▶ **What is being asked**:
The records must be repeated exactly and in their entirety.

▶ **Provided material**:
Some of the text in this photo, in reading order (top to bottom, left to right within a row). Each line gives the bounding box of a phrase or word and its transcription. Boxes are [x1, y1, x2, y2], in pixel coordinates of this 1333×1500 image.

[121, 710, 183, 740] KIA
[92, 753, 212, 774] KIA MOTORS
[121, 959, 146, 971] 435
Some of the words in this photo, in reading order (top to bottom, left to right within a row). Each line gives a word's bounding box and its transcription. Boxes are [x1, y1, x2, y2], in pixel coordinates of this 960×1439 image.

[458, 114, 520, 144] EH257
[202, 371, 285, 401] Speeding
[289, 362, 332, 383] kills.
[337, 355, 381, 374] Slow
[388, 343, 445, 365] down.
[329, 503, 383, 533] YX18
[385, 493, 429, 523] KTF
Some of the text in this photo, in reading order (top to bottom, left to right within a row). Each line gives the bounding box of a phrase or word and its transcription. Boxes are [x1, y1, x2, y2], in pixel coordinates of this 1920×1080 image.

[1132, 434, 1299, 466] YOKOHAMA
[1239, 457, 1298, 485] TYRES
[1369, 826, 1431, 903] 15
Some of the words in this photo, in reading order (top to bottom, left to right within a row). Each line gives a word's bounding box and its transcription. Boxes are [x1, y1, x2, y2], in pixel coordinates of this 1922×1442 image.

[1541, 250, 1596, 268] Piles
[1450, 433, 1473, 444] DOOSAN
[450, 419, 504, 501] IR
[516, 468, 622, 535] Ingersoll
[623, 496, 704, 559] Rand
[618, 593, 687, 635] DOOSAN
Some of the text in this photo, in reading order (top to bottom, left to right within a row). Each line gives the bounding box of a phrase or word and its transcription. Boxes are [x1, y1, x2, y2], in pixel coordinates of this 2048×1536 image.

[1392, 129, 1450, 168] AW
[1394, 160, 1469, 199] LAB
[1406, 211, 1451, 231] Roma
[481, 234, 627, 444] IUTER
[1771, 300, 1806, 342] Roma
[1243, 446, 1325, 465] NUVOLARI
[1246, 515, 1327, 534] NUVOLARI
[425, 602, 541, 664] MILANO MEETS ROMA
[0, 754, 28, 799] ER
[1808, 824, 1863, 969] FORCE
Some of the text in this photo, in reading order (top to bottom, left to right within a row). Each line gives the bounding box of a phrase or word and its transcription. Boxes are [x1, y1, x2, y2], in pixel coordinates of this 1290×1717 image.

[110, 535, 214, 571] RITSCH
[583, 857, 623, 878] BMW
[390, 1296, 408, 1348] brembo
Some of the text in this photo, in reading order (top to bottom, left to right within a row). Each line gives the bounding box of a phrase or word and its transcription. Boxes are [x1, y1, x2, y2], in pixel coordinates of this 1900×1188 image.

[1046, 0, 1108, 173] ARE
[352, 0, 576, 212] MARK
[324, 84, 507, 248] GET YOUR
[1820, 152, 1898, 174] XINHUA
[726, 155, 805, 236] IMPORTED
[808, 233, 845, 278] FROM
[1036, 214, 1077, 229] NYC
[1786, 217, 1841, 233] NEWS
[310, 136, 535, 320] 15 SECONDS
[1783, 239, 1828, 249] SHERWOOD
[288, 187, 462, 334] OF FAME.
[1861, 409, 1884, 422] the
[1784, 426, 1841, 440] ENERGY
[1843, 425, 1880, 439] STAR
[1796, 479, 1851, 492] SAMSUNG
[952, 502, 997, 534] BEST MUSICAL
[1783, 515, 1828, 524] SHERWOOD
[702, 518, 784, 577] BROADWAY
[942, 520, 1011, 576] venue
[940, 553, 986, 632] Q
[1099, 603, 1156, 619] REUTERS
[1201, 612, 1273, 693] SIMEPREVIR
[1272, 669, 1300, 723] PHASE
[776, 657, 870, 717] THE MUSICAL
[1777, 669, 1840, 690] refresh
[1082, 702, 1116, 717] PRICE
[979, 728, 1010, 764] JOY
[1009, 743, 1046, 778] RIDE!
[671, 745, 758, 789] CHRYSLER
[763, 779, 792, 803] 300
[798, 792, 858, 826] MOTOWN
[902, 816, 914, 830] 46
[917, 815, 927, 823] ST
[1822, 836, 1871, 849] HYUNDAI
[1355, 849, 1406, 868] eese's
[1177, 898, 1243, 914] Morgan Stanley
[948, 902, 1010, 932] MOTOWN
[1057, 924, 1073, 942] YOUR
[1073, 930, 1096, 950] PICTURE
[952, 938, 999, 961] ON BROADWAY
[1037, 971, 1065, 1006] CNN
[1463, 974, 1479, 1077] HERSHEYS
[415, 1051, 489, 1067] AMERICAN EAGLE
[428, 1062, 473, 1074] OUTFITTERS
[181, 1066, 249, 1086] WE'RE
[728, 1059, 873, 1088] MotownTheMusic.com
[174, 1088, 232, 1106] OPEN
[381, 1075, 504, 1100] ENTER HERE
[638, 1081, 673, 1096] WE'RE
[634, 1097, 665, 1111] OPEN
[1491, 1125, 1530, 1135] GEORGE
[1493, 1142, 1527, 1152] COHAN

▶ **Task response**:
Some of the text in this photo, in reading order (top to bottom, left to right within a row). Each line gives the bounding box of a phrase or word and its transcription. Boxes are [x1, y1, x2, y2], in pixel coordinates of this 1333×1500 image.

[121, 710, 183, 740] KIA
[92, 753, 212, 774] KIA MOTORS
[121, 959, 146, 971] 435
Some of the words in this photo, in reading order (top to bottom, left to right within a row). Each line gives a word's bounding box and its transcription. Boxes are [x1, y1, x2, y2], in pixel coordinates of this 960×1439 image.

[458, 114, 520, 144] EH257
[202, 371, 285, 401] Speeding
[289, 362, 332, 383] kills.
[337, 355, 381, 374] Slow
[388, 343, 445, 365] down.
[329, 503, 383, 533] YX18
[385, 493, 429, 523] KTF
Some of the text in this photo, in reading order (top to bottom, left to right within a row). Each line gives the bounding box of a phrase or word and its transcription. Boxes are [x1, y1, x2, y2], in pixel coordinates of this 1920×1080 image.

[1132, 434, 1299, 466] YOKOHAMA
[1239, 457, 1298, 485] TYRES
[1369, 826, 1431, 903] 15
Some of the words in this photo, in reading order (top to bottom, left to right within a row). Each line gives a word's bounding box and its transcription. Boxes are [x1, y1, x2, y2], in pixel coordinates of this 1922×1442 image.

[1541, 250, 1596, 268] Piles
[1450, 433, 1473, 444] DOOSAN
[450, 419, 504, 501] IR
[516, 468, 622, 535] Ingersoll
[623, 496, 704, 559] Rand
[618, 593, 687, 635] DOOSAN
Some of the text in this photo, in reading order (top to bottom, left to right within a row). Each line gives the bounding box of a phrase or word and its transcription. Boxes are [x1, y1, x2, y2], in pixel coordinates of this 2048×1536 image.

[1392, 129, 1450, 168] AW
[1394, 160, 1469, 199] LAB
[1406, 211, 1451, 231] Roma
[481, 234, 627, 444] IUTER
[1771, 300, 1806, 342] Roma
[1243, 446, 1325, 465] NUVOLARI
[1246, 515, 1327, 534] NUVOLARI
[425, 602, 541, 664] MILANO MEETS ROMA
[0, 754, 28, 799] ER
[1808, 824, 1863, 969] FORCE
Some of the text in this photo, in reading order (top to bottom, left to right within a row). Each line gives the bounding box of a phrase or word and its transcription. Boxes are [x1, y1, x2, y2], in pixel coordinates of this 1290×1717 image.

[110, 535, 214, 571] RITSCH
[583, 857, 623, 878] BMW
[390, 1296, 408, 1348] brembo
Some of the text in this photo, in reading order (top to bottom, left to right within a row). Each line gives the bounding box of a phrase or word and its transcription. Boxes are [x1, y1, x2, y2], in pixel coordinates of this 1900×1188 image.

[1046, 0, 1108, 173] ARE
[352, 0, 576, 212] MARK
[324, 84, 507, 248] GET YOUR
[1820, 152, 1898, 174] XINHUA
[726, 155, 805, 236] IMPORTED
[808, 233, 845, 278] FROM
[1036, 214, 1077, 229] NYC
[1786, 217, 1841, 233] NEWS
[310, 136, 535, 320] 15 SECONDS
[1783, 239, 1828, 249] SHERWOOD
[288, 187, 462, 334] OF FAME.
[1861, 409, 1884, 422] the
[1784, 426, 1841, 440] ENERGY
[1843, 425, 1880, 439] STAR
[1796, 479, 1851, 492] SAMSUNG
[952, 502, 997, 534] BEST MUSICAL
[1783, 515, 1828, 524] SHERWOOD
[702, 518, 784, 577] BROADWAY
[942, 520, 1011, 576] venue
[940, 553, 986, 632] Q
[1099, 603, 1156, 619] REUTERS
[1201, 612, 1273, 693] SIMEPREVIR
[1272, 669, 1300, 723] PHASE
[776, 657, 870, 717] THE MUSICAL
[1777, 669, 1840, 690] refresh
[1082, 702, 1116, 717] PRICE
[979, 728, 1010, 764] JOY
[1009, 743, 1046, 778] RIDE!
[671, 745, 758, 789] CHRYSLER
[763, 779, 792, 803] 300
[798, 792, 858, 826] MOTOWN
[902, 816, 914, 830] 46
[917, 815, 927, 823] ST
[1822, 836, 1871, 849] HYUNDAI
[1355, 849, 1406, 868] eese's
[1177, 898, 1243, 914] Morgan Stanley
[948, 902, 1010, 932] MOTOWN
[1057, 924, 1073, 942] YOUR
[1073, 930, 1096, 950] PICTURE
[952, 938, 999, 961] ON BROADWAY
[1037, 971, 1065, 1006] CNN
[1463, 974, 1479, 1077] HERSHEYS
[415, 1051, 489, 1067] AMERICAN EAGLE
[428, 1062, 473, 1074] OUTFITTERS
[181, 1066, 249, 1086] WE'RE
[728, 1059, 873, 1088] MotownTheMusic.com
[174, 1088, 232, 1106] OPEN
[381, 1075, 504, 1100] ENTER HERE
[638, 1081, 673, 1096] WE'RE
[634, 1097, 665, 1111] OPEN
[1491, 1125, 1530, 1135] GEORGE
[1493, 1142, 1527, 1152] COHAN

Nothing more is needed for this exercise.